(Beginning of Data supplied)
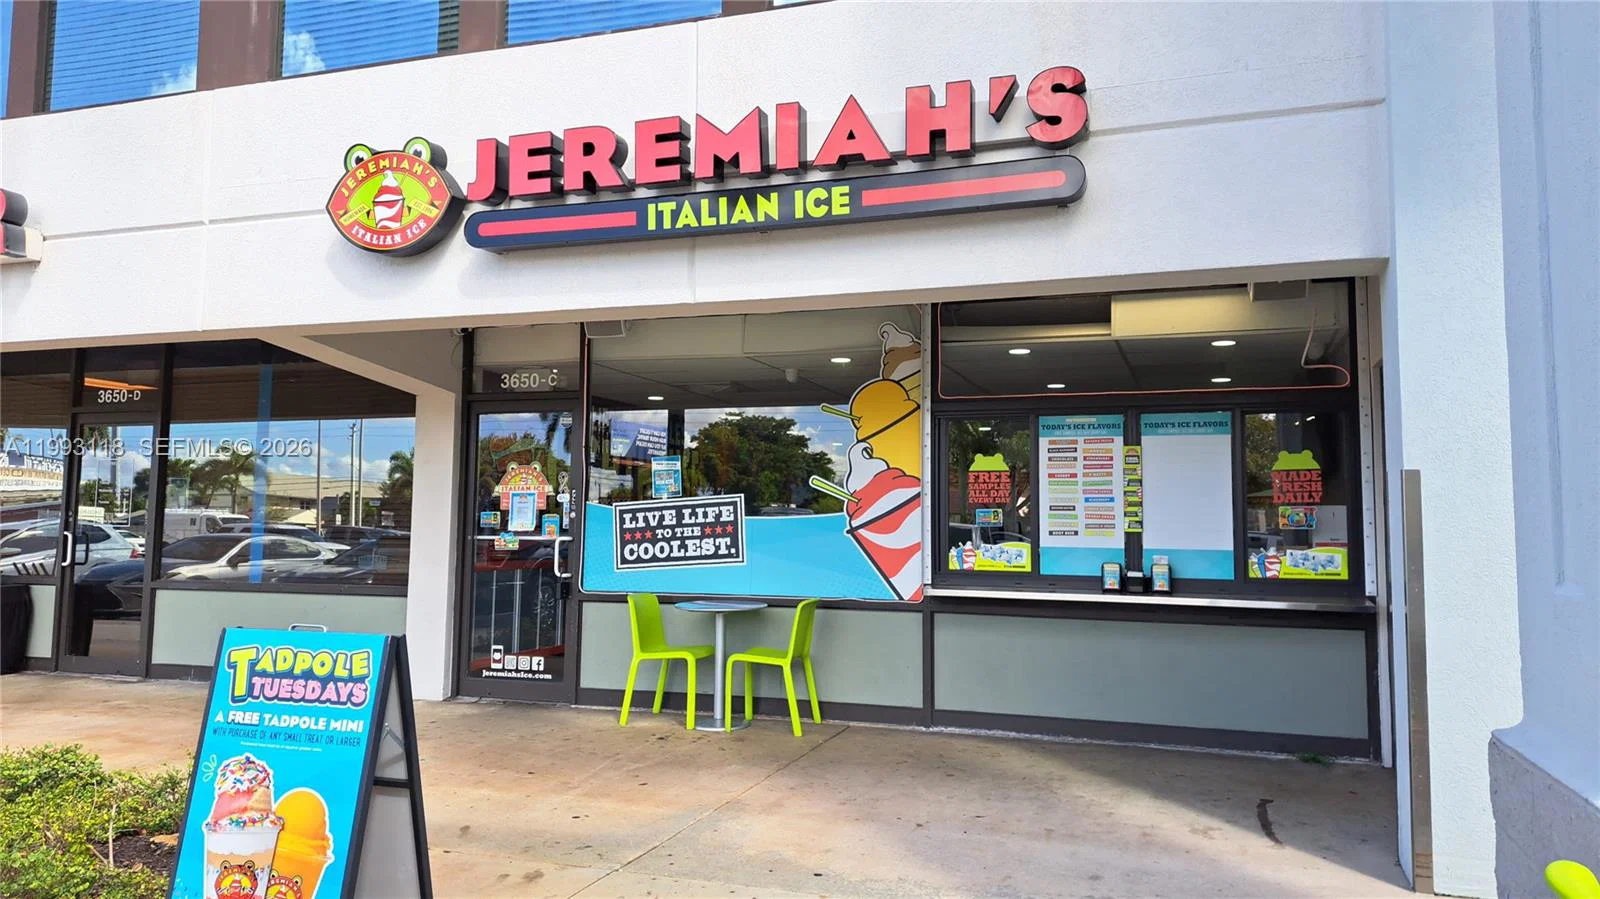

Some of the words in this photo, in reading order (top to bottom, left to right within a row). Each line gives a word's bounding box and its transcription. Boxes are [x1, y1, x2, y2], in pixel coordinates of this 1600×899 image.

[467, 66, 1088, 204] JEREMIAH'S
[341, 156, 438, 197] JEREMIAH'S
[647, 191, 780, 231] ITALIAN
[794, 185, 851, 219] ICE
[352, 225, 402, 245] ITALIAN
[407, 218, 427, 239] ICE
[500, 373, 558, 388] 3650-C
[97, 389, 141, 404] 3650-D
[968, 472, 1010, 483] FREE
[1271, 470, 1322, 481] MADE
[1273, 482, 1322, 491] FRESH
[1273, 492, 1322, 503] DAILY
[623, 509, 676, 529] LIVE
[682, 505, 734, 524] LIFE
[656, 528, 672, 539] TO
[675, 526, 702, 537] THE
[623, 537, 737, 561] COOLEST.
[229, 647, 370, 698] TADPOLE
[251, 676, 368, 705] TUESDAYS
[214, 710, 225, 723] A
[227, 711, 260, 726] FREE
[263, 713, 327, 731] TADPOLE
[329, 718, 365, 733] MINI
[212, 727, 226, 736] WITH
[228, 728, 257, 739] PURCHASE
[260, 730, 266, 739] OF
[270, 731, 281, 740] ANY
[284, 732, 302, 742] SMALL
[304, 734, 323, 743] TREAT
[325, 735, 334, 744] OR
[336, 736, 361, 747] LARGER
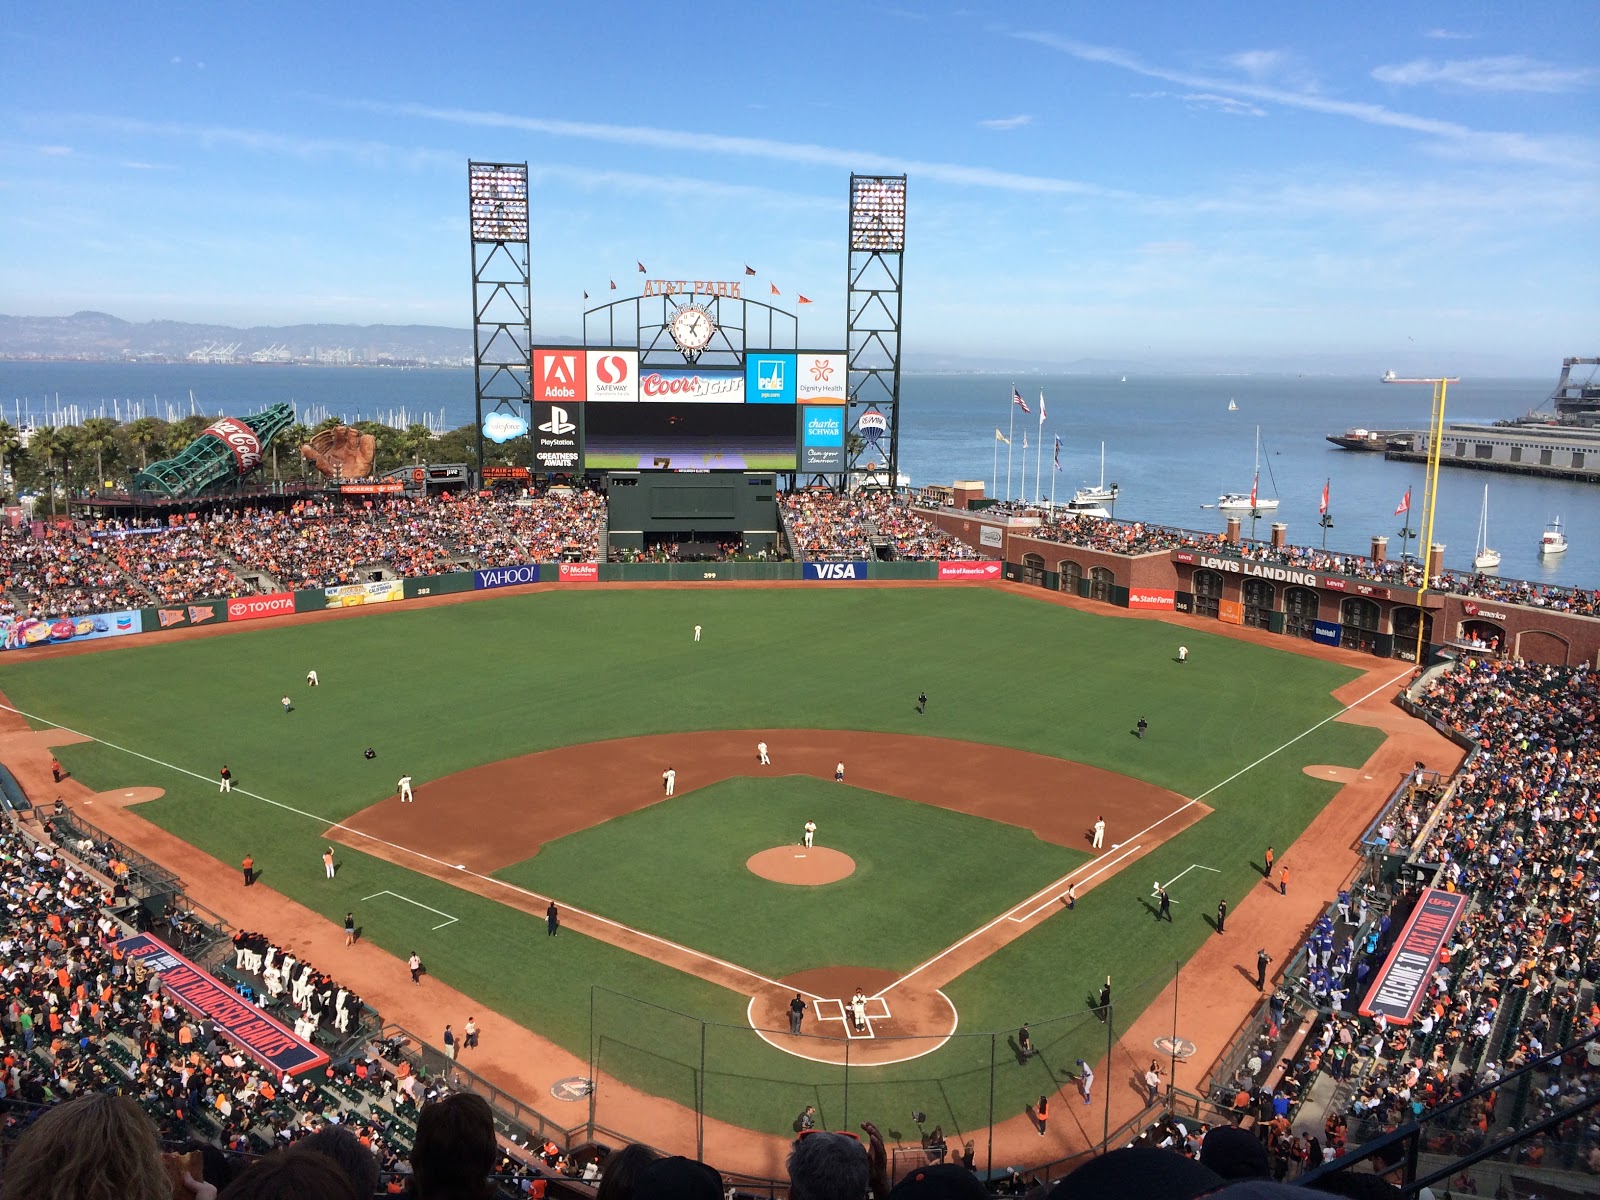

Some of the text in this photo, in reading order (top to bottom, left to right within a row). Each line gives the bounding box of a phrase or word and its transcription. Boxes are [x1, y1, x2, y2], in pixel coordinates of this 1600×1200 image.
(End of Data supplied)
(Beginning of Data supplied)
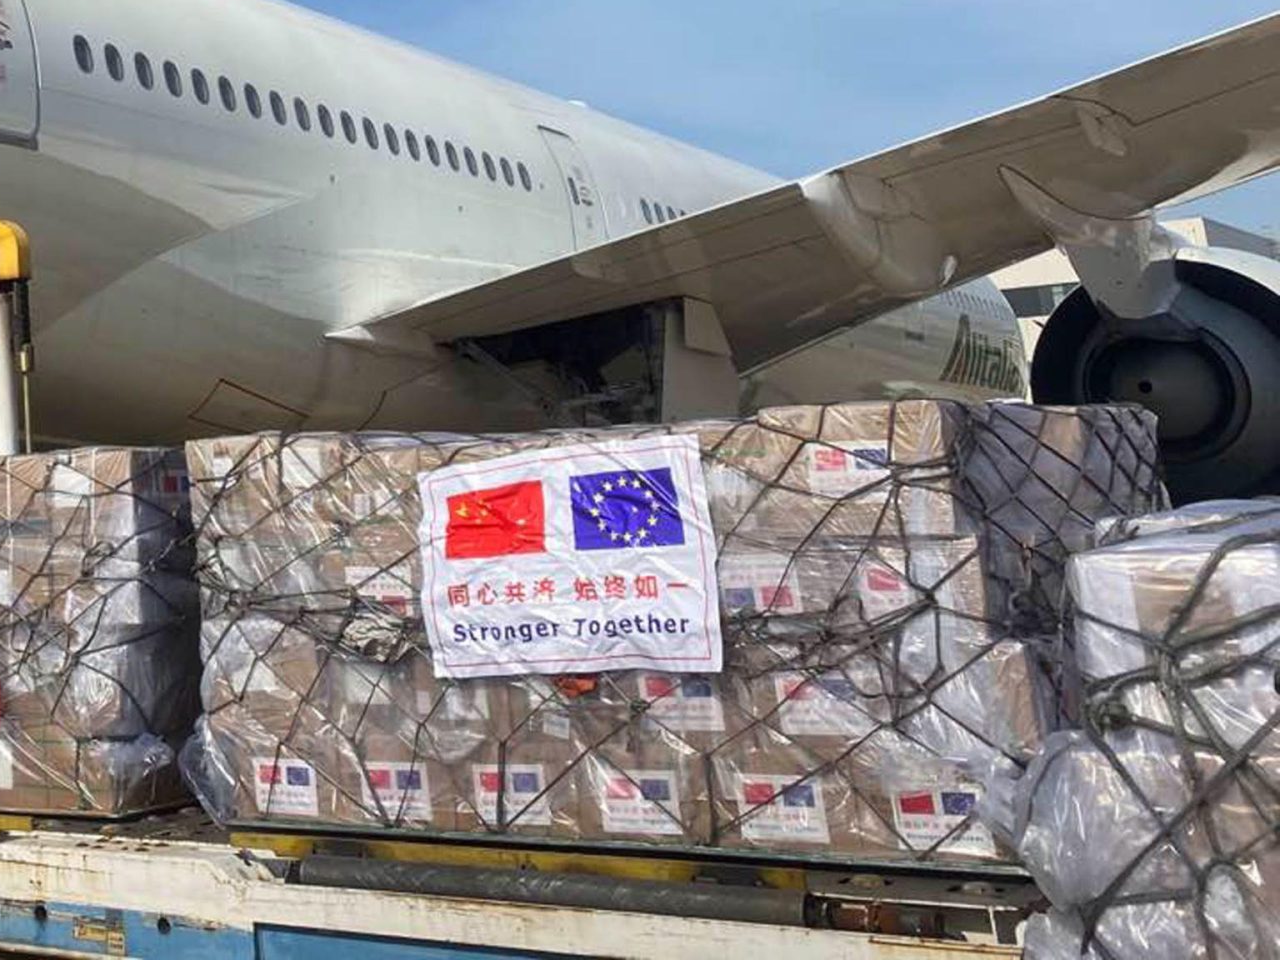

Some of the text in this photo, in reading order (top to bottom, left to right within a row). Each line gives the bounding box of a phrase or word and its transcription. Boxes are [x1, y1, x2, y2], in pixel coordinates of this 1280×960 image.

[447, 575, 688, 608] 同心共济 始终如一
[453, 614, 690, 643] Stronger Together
(End of Data supplied)
(Beginning of Data supplied)
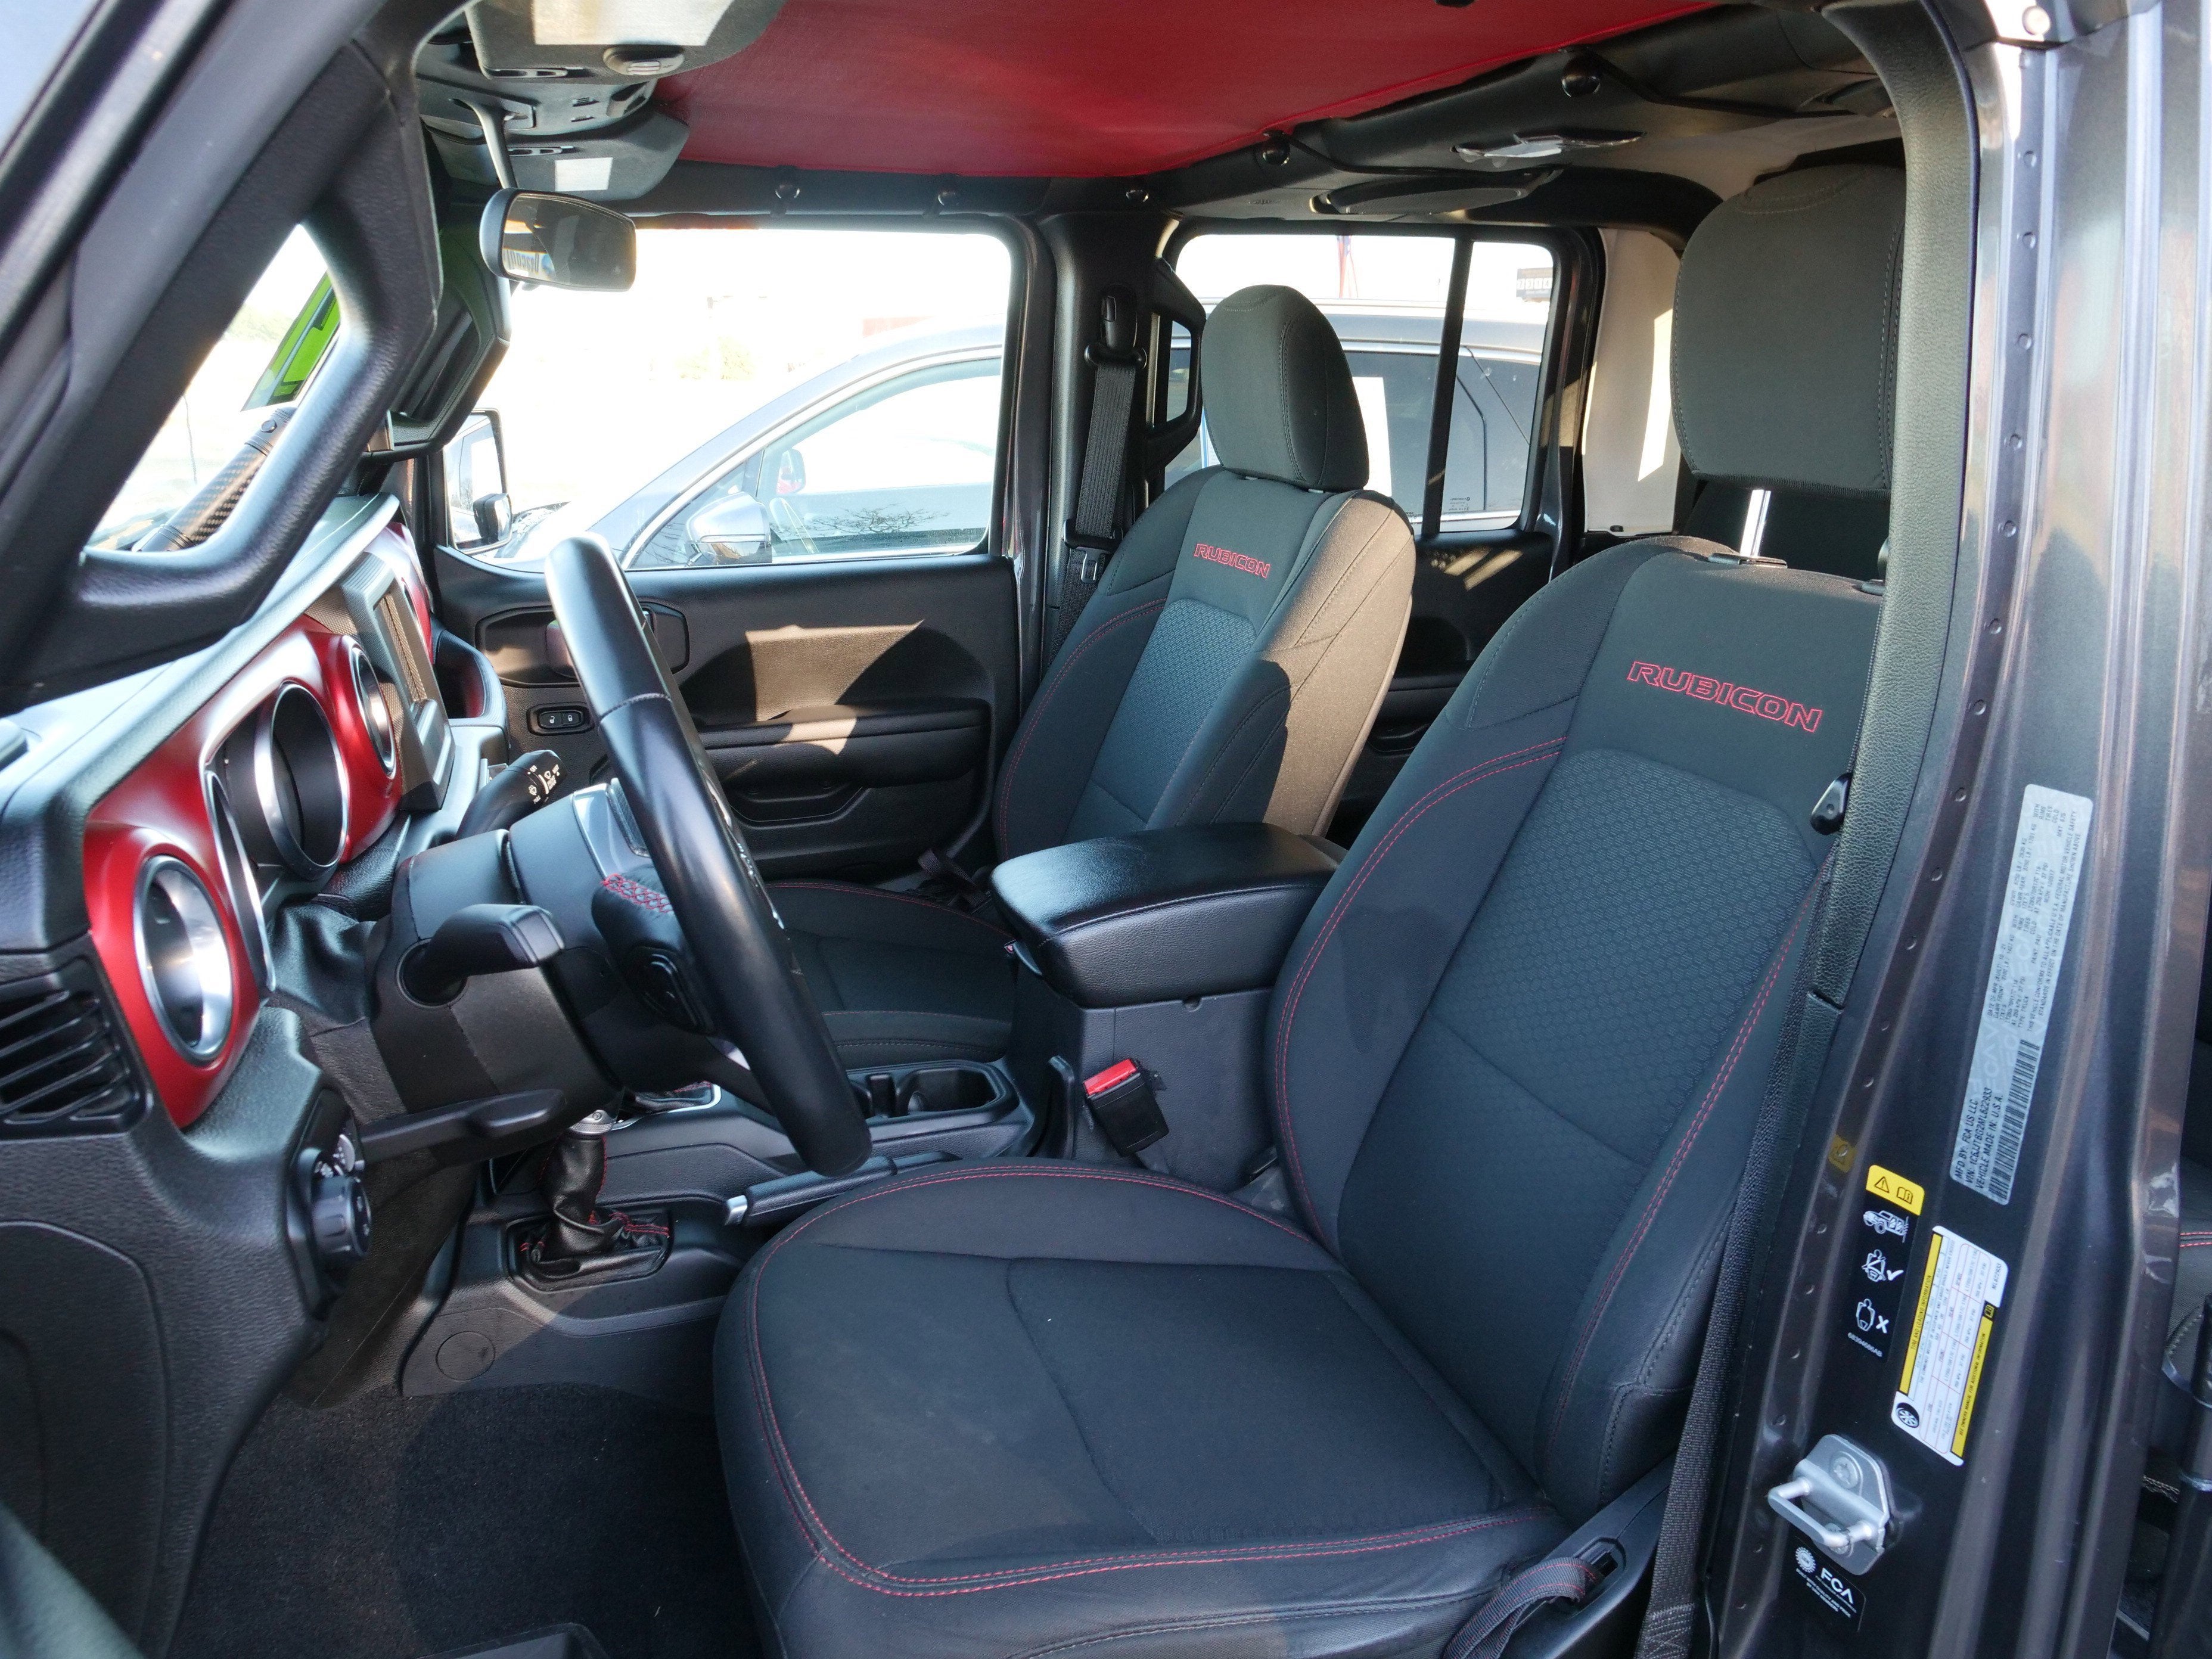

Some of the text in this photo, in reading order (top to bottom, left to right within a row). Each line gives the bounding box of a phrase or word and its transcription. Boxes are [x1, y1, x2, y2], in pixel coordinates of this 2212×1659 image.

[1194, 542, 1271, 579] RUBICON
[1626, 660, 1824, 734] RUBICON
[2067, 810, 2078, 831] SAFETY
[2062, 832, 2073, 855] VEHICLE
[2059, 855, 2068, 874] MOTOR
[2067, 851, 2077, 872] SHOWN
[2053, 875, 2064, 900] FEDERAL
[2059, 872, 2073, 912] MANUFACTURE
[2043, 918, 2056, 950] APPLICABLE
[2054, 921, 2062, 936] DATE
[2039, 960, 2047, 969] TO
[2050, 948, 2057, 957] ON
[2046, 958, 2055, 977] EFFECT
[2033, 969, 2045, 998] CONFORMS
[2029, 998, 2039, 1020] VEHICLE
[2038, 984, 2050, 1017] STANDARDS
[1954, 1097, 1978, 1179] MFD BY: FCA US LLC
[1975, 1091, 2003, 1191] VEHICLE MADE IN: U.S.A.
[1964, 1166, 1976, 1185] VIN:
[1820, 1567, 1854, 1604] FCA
(End of Data supplied)
■ Exercise directions:
Within these entries, output exactly the lines starting at the one with "Some of the words" and finishing at the one with "this 1600×1200 image.". Leave pictures out of the output.

■ Answer section:
Some of the words in this photo, in reading order (top to bottom, left to right within a row). Each line gives a word's bounding box and its transcription. Boxes are [x1, y1, x2, y2], in pixel coordinates of this 1600×899 image.

[467, 66, 1088, 204] JEREMIAH'S
[341, 156, 438, 197] JEREMIAH'S
[647, 191, 780, 231] ITALIAN
[794, 185, 851, 219] ICE
[352, 225, 402, 245] ITALIAN
[407, 218, 427, 239] ICE
[500, 373, 558, 388] 3650-C
[97, 389, 141, 404] 3650-D
[968, 472, 1010, 483] FREE
[1271, 470, 1322, 481] MADE
[1273, 482, 1322, 491] FRESH
[1273, 492, 1322, 503] DAILY
[623, 509, 676, 529] LIVE
[682, 505, 734, 524] LIFE
[656, 528, 672, 539] TO
[675, 526, 702, 537] THE
[623, 537, 737, 561] COOLEST.
[229, 647, 370, 698] TADPOLE
[251, 676, 368, 705] TUESDAYS
[214, 710, 225, 723] A
[227, 711, 260, 726] FREE
[263, 713, 327, 731] TADPOLE
[329, 718, 365, 733] MINI
[212, 727, 226, 736] WITH
[228, 728, 257, 739] PURCHASE
[260, 730, 266, 739] OF
[270, 731, 281, 740] ANY
[284, 732, 302, 742] SMALL
[304, 734, 323, 743] TREAT
[325, 735, 334, 744] OR
[336, 736, 361, 747] LARGER

Some of the text in this photo, in reading order (top to bottom, left to right within a row). Each line gives the bounding box of a phrase or word and its transcription. Boxes are [x1, y1, x2, y2], in pixel coordinates of this 1600×1200 image.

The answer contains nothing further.